Hypothesis / aims of study
Obesity is closely related to Stress Urinary Incontinence (SUI) as a contributary factor in causation as well as potentially affecting the outcome of treatment. Obesity is a major public health concern in the Western world and is a risk factor in etiopathogenesis of SUI (Fuselier, 2018). It is generally recommended for obese patients to reduce weight before they can be offered surgery to restore continence (Hellberg, 2007). It’s always a challenge for women with obesity and incontinence to reduce weight due to the bi-directional cause-effect relationship. The aim of this study was to find if a continence procedure can be offered to women with incontinence who are struggling to lose weight and are still classed as obese.

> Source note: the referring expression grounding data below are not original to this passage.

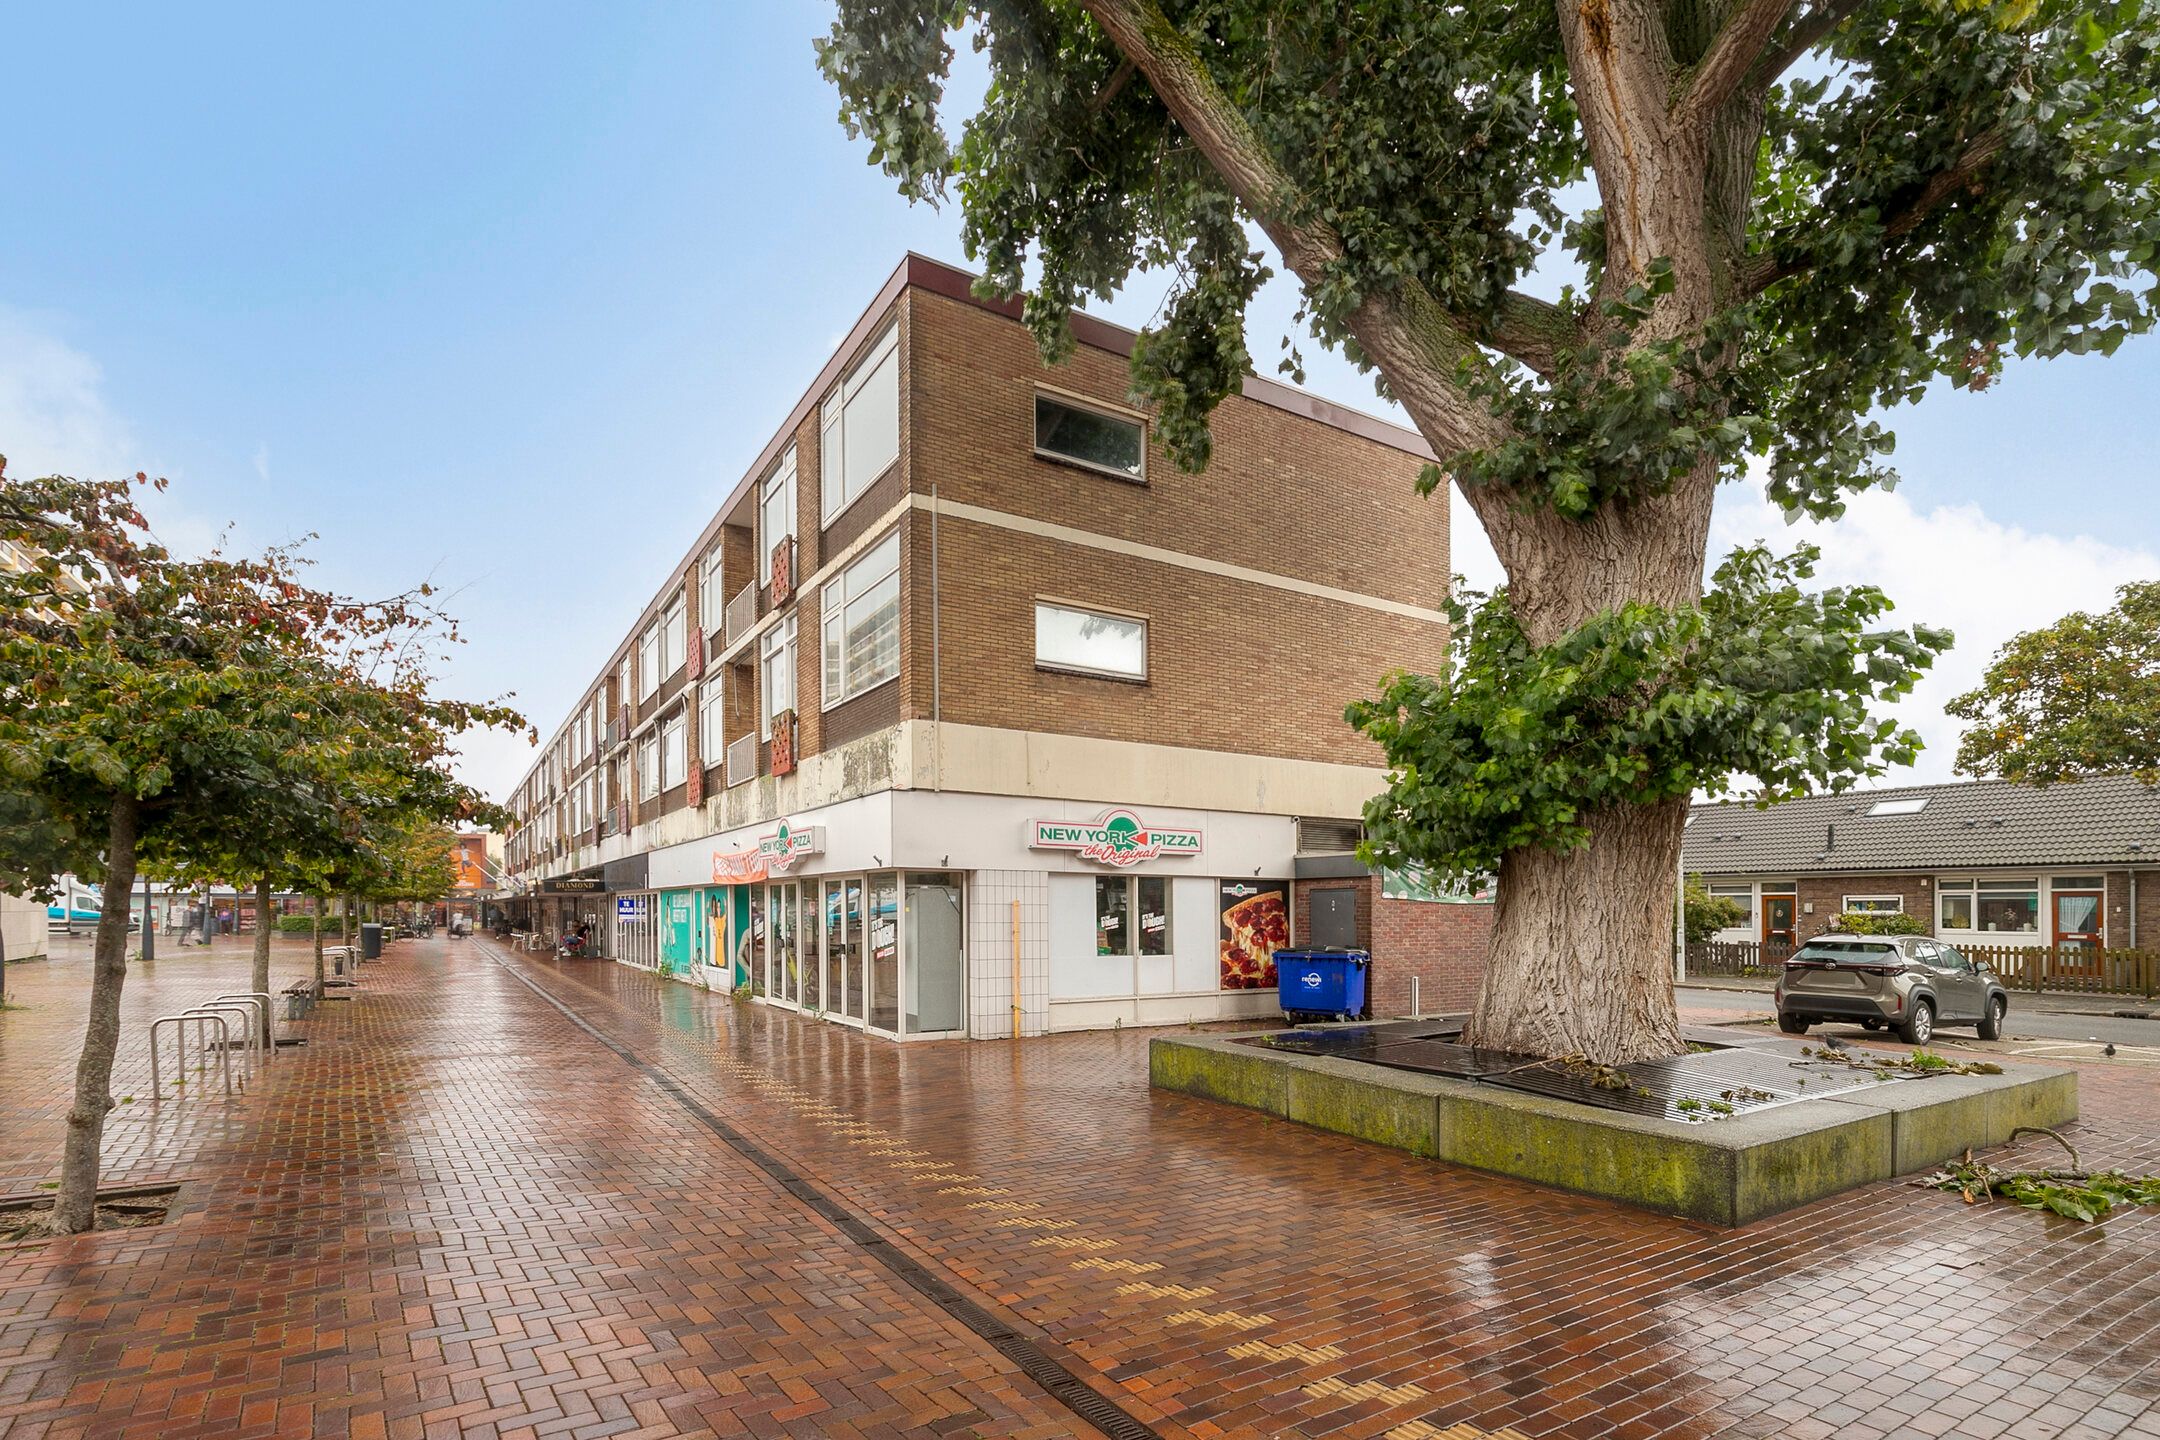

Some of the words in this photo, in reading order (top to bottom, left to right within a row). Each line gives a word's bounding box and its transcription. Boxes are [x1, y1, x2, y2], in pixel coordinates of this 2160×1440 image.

[760, 843, 772, 854] NEW
[793, 834, 811, 847] PIZZA
[1040, 827, 1081, 841] NEW
[1085, 829, 1138, 846] YORK
[1151, 834, 1199, 847] PIZZA
[1084, 844, 1102, 856] the
[1100, 844, 1160, 865] Original

Study design, materials and methods
All patients with primary or refractory SUI were clinically assessed, BMI recorded and a pre-operative ICIQ-short form questionnaire filled. They all had Video Cystometry. Patients underwent autologous fascial sling or bladder neck suspension as deemed necessary by as single surgeon (VK). The patients were categorised into obese and non-obese based on standard WHO BMI parameters with obesity defined as BMI of over 30. Surgical outcomes and adverse effects were assessed and compared in both groups with failure of the procedure defined as any degree of stress urinary incontinence. Statistical analysis was performed using Student's-T test.
Results
A total of 113 patients underwent a surgical procedure. These were divided into 2 groups, Group A being obese (BMI 30-48, mean=35.6) and Group B being non-obese (BMI 18.9-29.9, mean=25.6 ), with mean age of 51 for group A and 50.05 for group B. Eighteen from each group (total=36) had previous failed incontinence procedure. As per the table 1, the two groups were nicely matched in numbers, age, procedures performed and length of hospital stay. The complication rates were marginally higher in the obese group mainly related to post-op pain and wound infection when compared to non-obese group. The difference between the 2 groups remained marginal for de-novo urgency and failure of the procedure with no difference in post-op ICIQ-SF. Around 10% in both groups reported worsening of symptoms due to urinary urgency. Post op ISC rates in Group A were slightly higher with 10 performing ISC compared to group B which had 7, however 15 group A and 4 group B were on Botox pre-procedure. None of the parameters showed statistical significance.
Interpretation of results
The 2 groups, obese and non-obese were remarkably matched. The age, pre-op ICIQ-SF score, post-op ICIQ-SF score, previous continence procedure, hospital stay and emergence of de-novo urgency were very similar (p=NS). The outcomes in terms of failure of the procedure and early and late complications were statistically not significant.